09 私はもう孤独じゃない
どうやら気を失っていたみたいだ。
ここのところ、ずっと気持ちが重たかったから、それで知らず知らずの間に体調を崩してしまったのかも。
気が付いたら美術館の中にあるスタッフルームのベッドで寝かされていた。
今までずっと、順平君が付き添ってくれていたみたい。
なんだか悲しい夢をみたような気がするけど。
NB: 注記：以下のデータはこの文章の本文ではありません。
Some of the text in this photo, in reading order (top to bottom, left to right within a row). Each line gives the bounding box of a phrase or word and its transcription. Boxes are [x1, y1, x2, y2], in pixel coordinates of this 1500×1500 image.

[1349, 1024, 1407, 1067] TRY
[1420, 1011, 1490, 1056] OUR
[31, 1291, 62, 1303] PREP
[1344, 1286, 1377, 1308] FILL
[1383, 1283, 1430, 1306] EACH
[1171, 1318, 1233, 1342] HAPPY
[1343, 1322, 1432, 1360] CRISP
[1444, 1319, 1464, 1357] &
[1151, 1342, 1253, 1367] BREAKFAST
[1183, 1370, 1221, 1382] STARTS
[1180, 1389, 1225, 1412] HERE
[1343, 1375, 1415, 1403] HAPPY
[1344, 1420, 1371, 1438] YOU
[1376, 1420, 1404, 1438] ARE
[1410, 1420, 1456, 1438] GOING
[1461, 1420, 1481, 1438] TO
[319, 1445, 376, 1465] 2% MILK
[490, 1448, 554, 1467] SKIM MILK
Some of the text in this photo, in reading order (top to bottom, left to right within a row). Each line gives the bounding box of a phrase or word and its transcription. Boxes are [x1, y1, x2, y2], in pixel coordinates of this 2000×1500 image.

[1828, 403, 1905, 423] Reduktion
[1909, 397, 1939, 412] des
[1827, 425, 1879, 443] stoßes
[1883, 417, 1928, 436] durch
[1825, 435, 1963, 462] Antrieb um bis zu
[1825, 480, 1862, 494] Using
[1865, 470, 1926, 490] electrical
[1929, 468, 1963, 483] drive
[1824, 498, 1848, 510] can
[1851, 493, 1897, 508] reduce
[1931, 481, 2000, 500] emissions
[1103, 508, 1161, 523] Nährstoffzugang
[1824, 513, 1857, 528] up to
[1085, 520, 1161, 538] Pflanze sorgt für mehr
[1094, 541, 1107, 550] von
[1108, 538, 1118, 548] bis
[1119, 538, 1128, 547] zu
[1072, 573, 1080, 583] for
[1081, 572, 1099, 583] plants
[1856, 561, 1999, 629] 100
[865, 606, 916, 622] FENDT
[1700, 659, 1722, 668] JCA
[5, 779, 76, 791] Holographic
それだけじゃなかったような気もする。
だって、この胸の中は今、ちょっとだけ暖かいから。
目を覚ましたら、私の手を握ってくれているあの子が視界に入った。
あの子の顔をみたら、なんだか今まであった胸のつかえが、少しとれたような気持ちになる。
全部じゃなくて、ほんの少しだけど。
「ありがとう順平君」
きっと夢だ。
夢で順平君に会った気がする。
そしてたぶん、あの子が助けてくれたんだ。
私の持っている記憶はあいまいだから。
断言はできないけど。
でも、どうしてだか、そう的外れなことではないように感じてしまう。
これは束の間の夢で、ただの気のせいかもしれないけれど。
私は順平君に感謝した。
近藤順平からメールがきた。
時都琥珀は目が覚めたらしい。
クラスメイトである水城はほっと息を吐く。
「良かったね」
「水城がね」
「もう、すぐそういう事言う」
ふくれ面の彼女がどんな言葉を期待していたかは知らないけれど、そんなに怒ってなさそうなので、今の言葉以外を探す気にはなれなかった。
時都琥珀が消えた後、高坂先輩を読んで時空の渦を見つけてもらった。
時間を巻き戻して解決しようと思ったのに、まさか、絵の中の世界をこじ開けることにはなると思わなかった。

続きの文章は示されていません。